More than one person was able to identify the suspect. When I first saw the video, I thought "good luck with that." I was think there would be too many false tips, and would hamper the investigation.

But I was wrong. Here's the video:


This was a guy on a college campus riding a red or pink bicycle, which is going to make a person stand out.

Also, the guy made it worse for himself by staying in the area and committing another crime:

A crucial tip came from Austin firefighters who on Monday put out a trash fire near the scene of the crime. They told police the man in the video looked like the person who started the fire, Acevedo said. They also took the man's bike which looked like the one in the video.

The chief said police jotted down the firebug's name and took him to a homeless shelter.

Acevedo said another tipster was a woman who reported the fire. She also contacted police after she saw a resemblance to the video.

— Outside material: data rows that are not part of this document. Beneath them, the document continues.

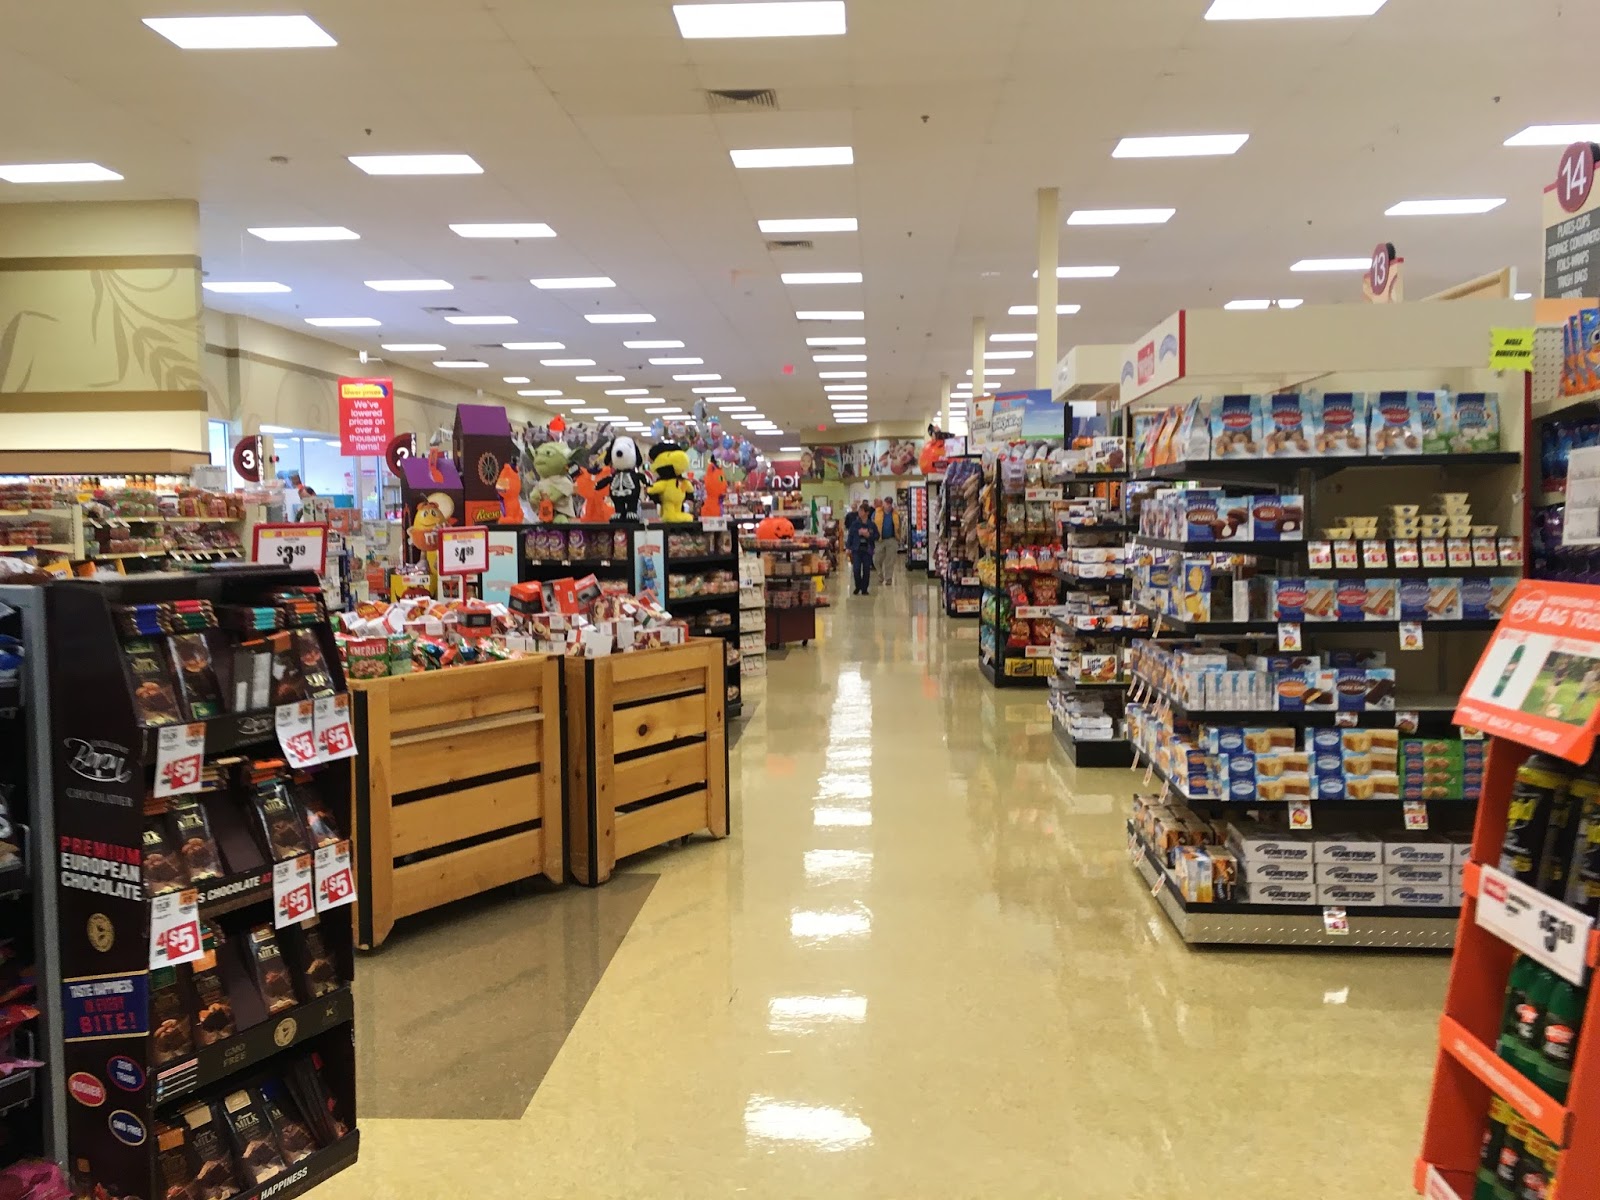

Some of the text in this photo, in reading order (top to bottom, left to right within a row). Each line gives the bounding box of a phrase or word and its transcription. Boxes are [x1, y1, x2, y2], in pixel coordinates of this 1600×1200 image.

[1562, 151, 1587, 200] 14
[1373, 252, 1386, 286] 13
[1574, 268, 1589, 285] BAGS
[1495, 349, 1531, 357] DIRECTORY
[351, 409, 382, 417] lowered
[354, 400, 379, 409] We've
[349, 418, 373, 427] prices
[349, 434, 386, 442] thousand
[355, 443, 380, 451] items!
[242, 449, 255, 469] 3
[1538, 607, 1570, 626] BAG
[60, 836, 141, 866] PREMIUM
[61, 852, 141, 883] EUROPEAN
[61, 871, 142, 902] CHOCOLATE
[207, 877, 260, 901] CHOCOLATE
[168, 926, 194, 953] $5
[80, 1011, 137, 1034] BITE!
[223, 1052, 247, 1067] FREE
[235, 1113, 260, 1130] MILK
[261, 1166, 308, 1200] HAPPINESS

If he would have immediately left the area or simply discarded the bicycle, the likelihood of catching him would have been much lower.

If he would have immediately left the area or simply discarded the bicycle, the likelihood of catching him would have been much lower.

Agreed.

So I take it that had you happened upon this clip right after it was posted, that you might have thought what I did; that this was unlikely to help?

Its hard to argue after the fact with success, but I think they were extremely fortunate, maybe more than they realize.

that this was unlikely to help?

As a general rule, low resolution / detailed clips like that can only be useful if someone else knows the suspect. Because if you know someone, you do not need every detail, you can tell by their general physical appearance / movement and knowledge of where they go / what they do.

This is why, also as a general rule, if you are monitoring a known population, you can often settle for lower pixel density than a public area.